- Born: 28 February 1814 London, England
- Died: 22 February 1900 (aged 85) Bath, Somerset
- Allegiance: United Kingdom
- Branch: British Army
- Service years: 1830–1881
- Rank: General
- Conflicts: Capture of Lucknow
- Awards: Companion of the Order of the Bath

= Henry Alexander Carleton =

British Army general (1814–1900)

Henry Alexander Carleton (28 February 1814 – 22 February 1900) was a British Army general in British India.

==Military career==
Carleton was born in 1814, the son of Francis Carleton. He entered the Bengal Artillery in 1830. He served in the Indian Rebellion of 1857, where he commanded the artillery division siege train at the siege and capture of Lucknow, and the artillery in the action at Nawabgunge.
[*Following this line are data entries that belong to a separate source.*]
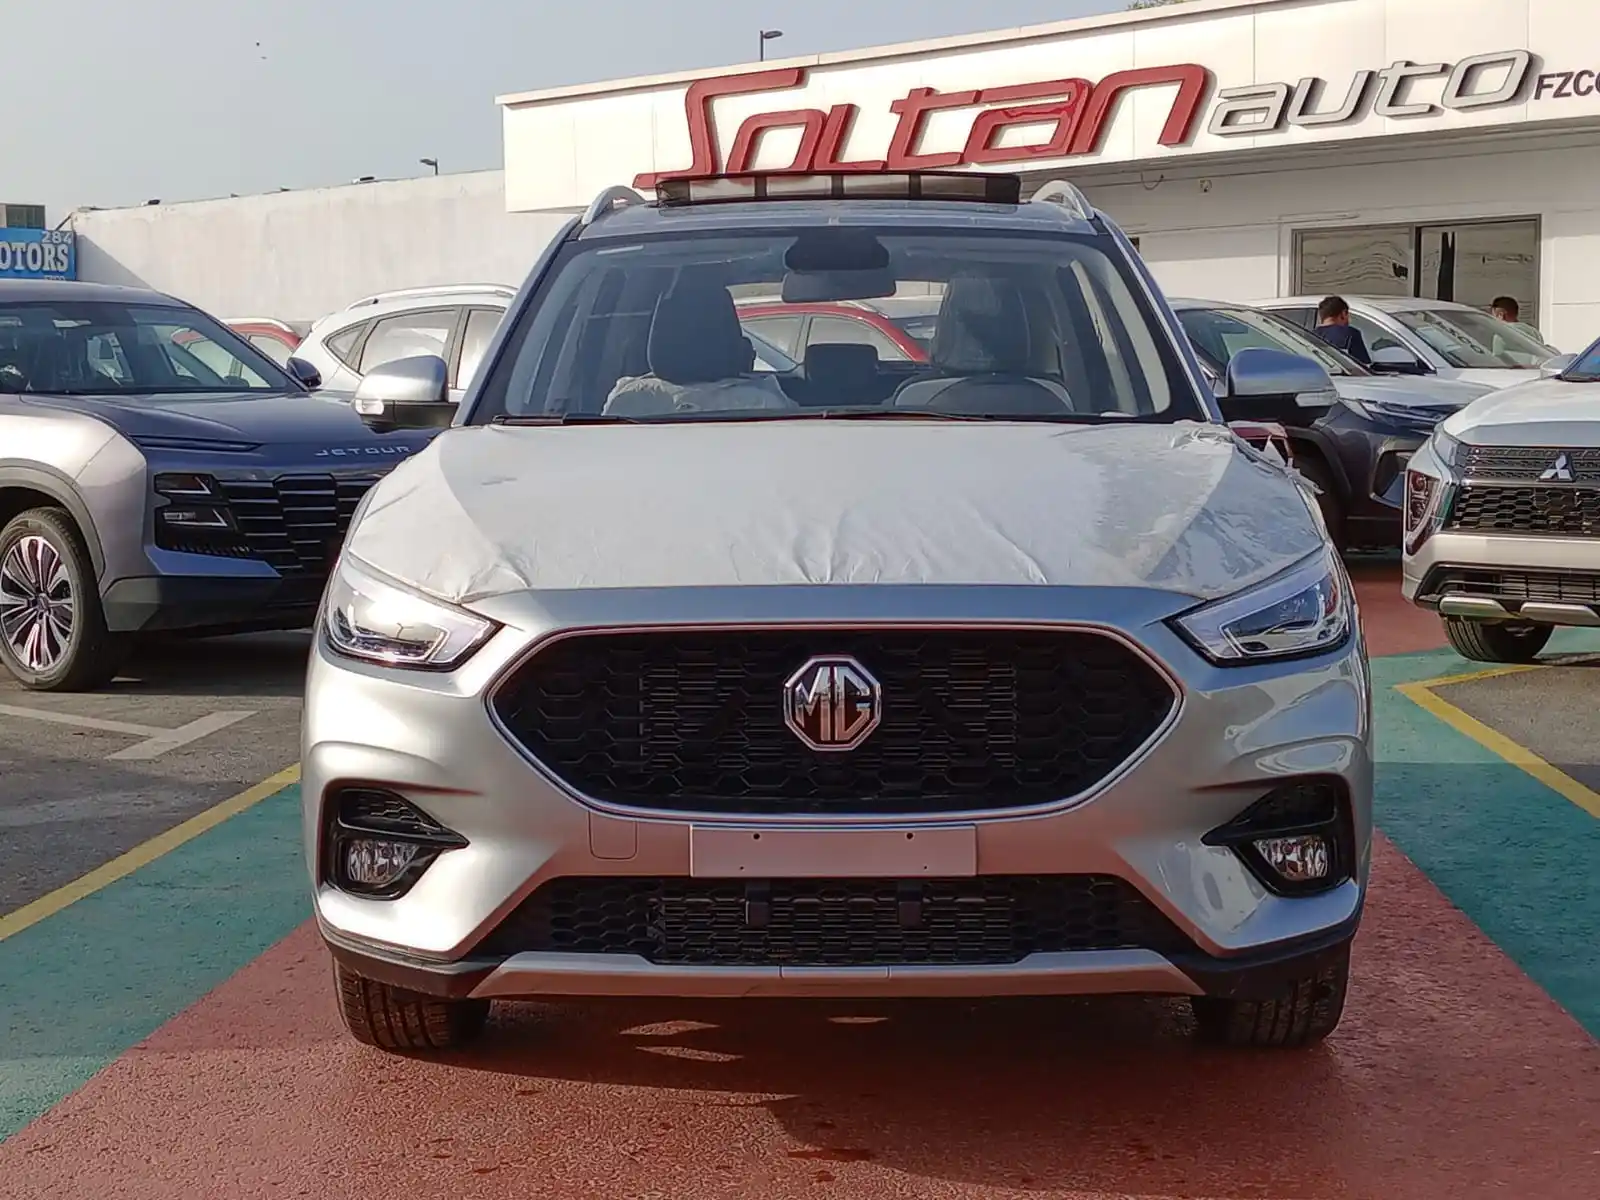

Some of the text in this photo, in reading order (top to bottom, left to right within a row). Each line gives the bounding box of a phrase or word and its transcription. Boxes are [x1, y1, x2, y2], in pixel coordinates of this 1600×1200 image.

[1208, 49, 1533, 135] auto
[1534, 69, 1600, 100] FZC
[41, 230, 72, 244] 284
[0, 241, 68, 272] OTORS
[314, 445, 410, 457] JETOUR
[795, 666, 871, 741] MG
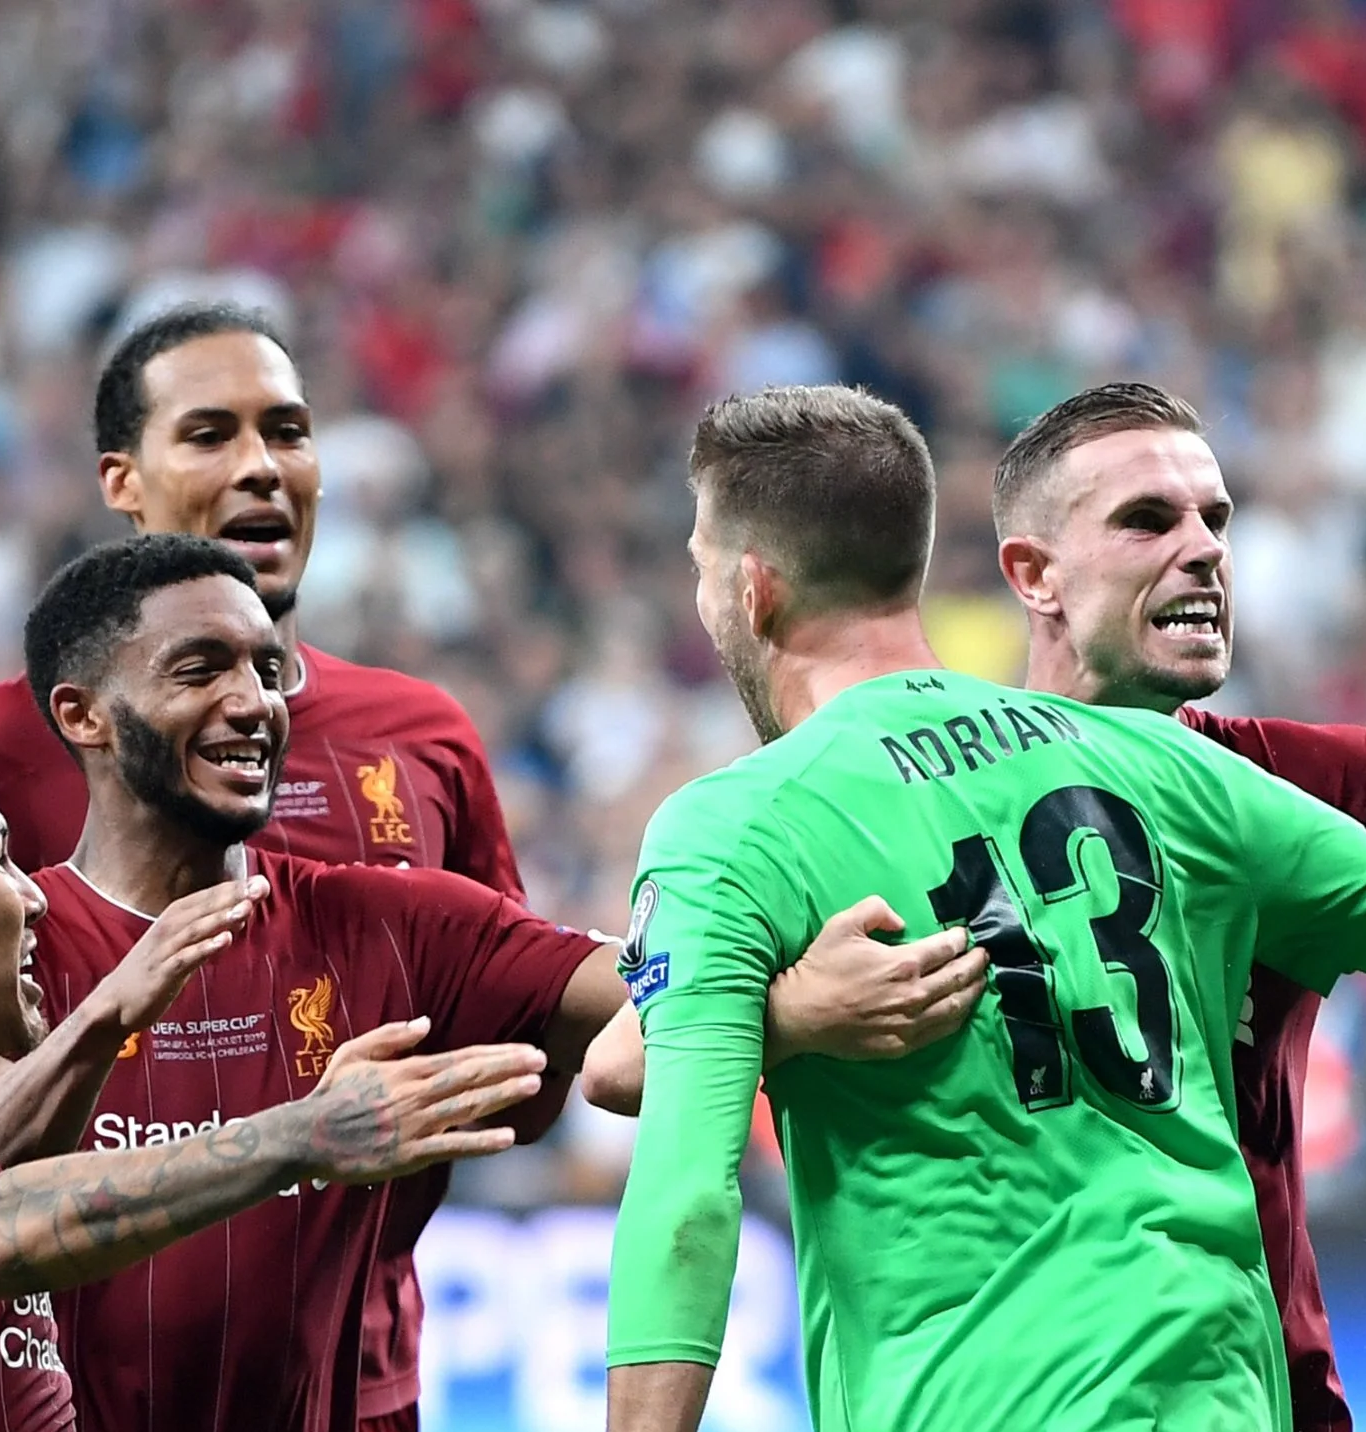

He was twice mentioned in despatches, received the brevet rank of lieutenant-colonel, and was appointed a Companion of the Order of the Bath (CB). He became Colonel commandant in the Royal Artillery, received the rank of general in July 1879, and retired from the army in 1881.

In 1855 he married Elizabeth Boyle, daughter of Armor Boyle, Dundrum, County Down. She died in 1878.

Carleton died at Bath, Somerset, on 22 February 1900.